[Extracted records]
=== Begin Enclosure ===

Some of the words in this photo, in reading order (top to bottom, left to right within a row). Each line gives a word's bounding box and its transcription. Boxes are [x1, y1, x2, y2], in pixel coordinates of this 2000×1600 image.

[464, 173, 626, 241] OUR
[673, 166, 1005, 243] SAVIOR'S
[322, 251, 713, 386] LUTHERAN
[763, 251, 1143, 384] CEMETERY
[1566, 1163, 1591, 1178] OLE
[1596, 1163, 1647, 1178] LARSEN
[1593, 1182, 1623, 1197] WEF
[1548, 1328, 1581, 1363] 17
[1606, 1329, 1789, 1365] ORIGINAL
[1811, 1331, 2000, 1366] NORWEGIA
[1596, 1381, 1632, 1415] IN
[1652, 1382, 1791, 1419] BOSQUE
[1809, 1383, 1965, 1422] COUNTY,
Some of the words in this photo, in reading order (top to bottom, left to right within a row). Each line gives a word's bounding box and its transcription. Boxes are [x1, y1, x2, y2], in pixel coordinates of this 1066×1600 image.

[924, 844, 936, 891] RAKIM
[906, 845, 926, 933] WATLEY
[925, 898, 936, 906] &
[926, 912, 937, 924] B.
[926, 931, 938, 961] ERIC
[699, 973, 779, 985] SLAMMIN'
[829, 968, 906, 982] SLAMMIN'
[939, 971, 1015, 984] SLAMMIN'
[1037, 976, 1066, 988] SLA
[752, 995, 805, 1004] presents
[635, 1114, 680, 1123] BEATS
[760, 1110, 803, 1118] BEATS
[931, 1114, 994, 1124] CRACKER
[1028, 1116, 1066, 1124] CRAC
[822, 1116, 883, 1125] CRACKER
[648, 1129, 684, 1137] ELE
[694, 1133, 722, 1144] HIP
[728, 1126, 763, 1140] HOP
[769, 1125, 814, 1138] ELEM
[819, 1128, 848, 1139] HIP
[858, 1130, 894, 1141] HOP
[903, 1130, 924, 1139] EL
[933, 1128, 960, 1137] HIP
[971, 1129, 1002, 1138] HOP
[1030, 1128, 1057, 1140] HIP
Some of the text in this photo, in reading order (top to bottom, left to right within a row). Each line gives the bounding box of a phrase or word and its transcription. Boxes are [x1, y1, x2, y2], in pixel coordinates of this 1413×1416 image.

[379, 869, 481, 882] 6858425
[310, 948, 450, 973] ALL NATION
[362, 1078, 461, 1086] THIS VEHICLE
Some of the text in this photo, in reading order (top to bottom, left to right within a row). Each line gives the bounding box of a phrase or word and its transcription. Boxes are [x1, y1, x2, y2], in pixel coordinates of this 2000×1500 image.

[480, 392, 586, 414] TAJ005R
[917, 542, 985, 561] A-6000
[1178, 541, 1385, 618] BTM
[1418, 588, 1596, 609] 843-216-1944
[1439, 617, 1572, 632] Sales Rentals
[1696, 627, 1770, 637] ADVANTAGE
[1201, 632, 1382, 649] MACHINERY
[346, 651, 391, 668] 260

=== End Enclosure ===

* Task goal
Set down each line of the data precisely as it appears above.

* Written reply
Some of the words in this photo, in reading order (top to bottom, left to right within a row). Each line gives a word's bounding box and its transcription. Boxes are [x1, y1, x2, y2], in pixel coordinates of this 2000×1600 image.

[464, 173, 626, 241] OUR
[673, 166, 1005, 243] SAVIOR'S
[322, 251, 713, 386] LUTHERAN
[763, 251, 1143, 384] CEMETERY
[1566, 1163, 1591, 1178] OLE
[1596, 1163, 1647, 1178] LARSEN
[1593, 1182, 1623, 1197] WEF
[1548, 1328, 1581, 1363] 17
[1606, 1329, 1789, 1365] ORIGINAL
[1811, 1331, 2000, 1366] NORWEGIA
[1596, 1381, 1632, 1415] IN
[1652, 1382, 1791, 1419] BOSQUE
[1809, 1383, 1965, 1422] COUNTY,
Some of the words in this photo, in reading order (top to bottom, left to right within a row). Each line gives a word's bounding box and its transcription. Boxes are [x1, y1, x2, y2], in pixel coordinates of this 1066×1600 image.

[924, 844, 936, 891] RAKIM
[906, 845, 926, 933] WATLEY
[925, 898, 936, 906] &
[926, 912, 937, 924] B.
[926, 931, 938, 961] ERIC
[699, 973, 779, 985] SLAMMIN'
[829, 968, 906, 982] SLAMMIN'
[939, 971, 1015, 984] SLAMMIN'
[1037, 976, 1066, 988] SLA
[752, 995, 805, 1004] presents
[635, 1114, 680, 1123] BEATS
[760, 1110, 803, 1118] BEATS
[931, 1114, 994, 1124] CRACKER
[1028, 1116, 1066, 1124] CRAC
[822, 1116, 883, 1125] CRACKER
[648, 1129, 684, 1137] ELE
[694, 1133, 722, 1144] HIP
[728, 1126, 763, 1140] HOP
[769, 1125, 814, 1138] ELEM
[819, 1128, 848, 1139] HIP
[858, 1130, 894, 1141] HOP
[903, 1130, 924, 1139] EL
[933, 1128, 960, 1137] HIP
[971, 1129, 1002, 1138] HOP
[1030, 1128, 1057, 1140] HIP
Some of the text in this photo, in reading order (top to bottom, left to right within a row). Each line gives the bounding box of a phrase or word and its transcription. Boxes are [x1, y1, x2, y2], in pixel coordinates of this 1413×1416 image.

[379, 869, 481, 882] 6858425
[310, 948, 450, 973] ALL NATION
[362, 1078, 461, 1086] THIS VEHICLE
Some of the text in this photo, in reading order (top to bottom, left to right within a row). Each line gives the bounding box of a phrase or word and its transcription. Boxes are [x1, y1, x2, y2], in pixel coordinates of this 2000×1500 image.

[480, 392, 586, 414] TAJ005R
[917, 542, 985, 561] A-6000
[1178, 541, 1385, 618] BTM
[1418, 588, 1596, 609] 843-216-1944
[1439, 617, 1572, 632] Sales Rentals
[1696, 627, 1770, 637] ADVANTAGE
[1201, 632, 1382, 649] MACHINERY
[346, 651, 391, 668] 260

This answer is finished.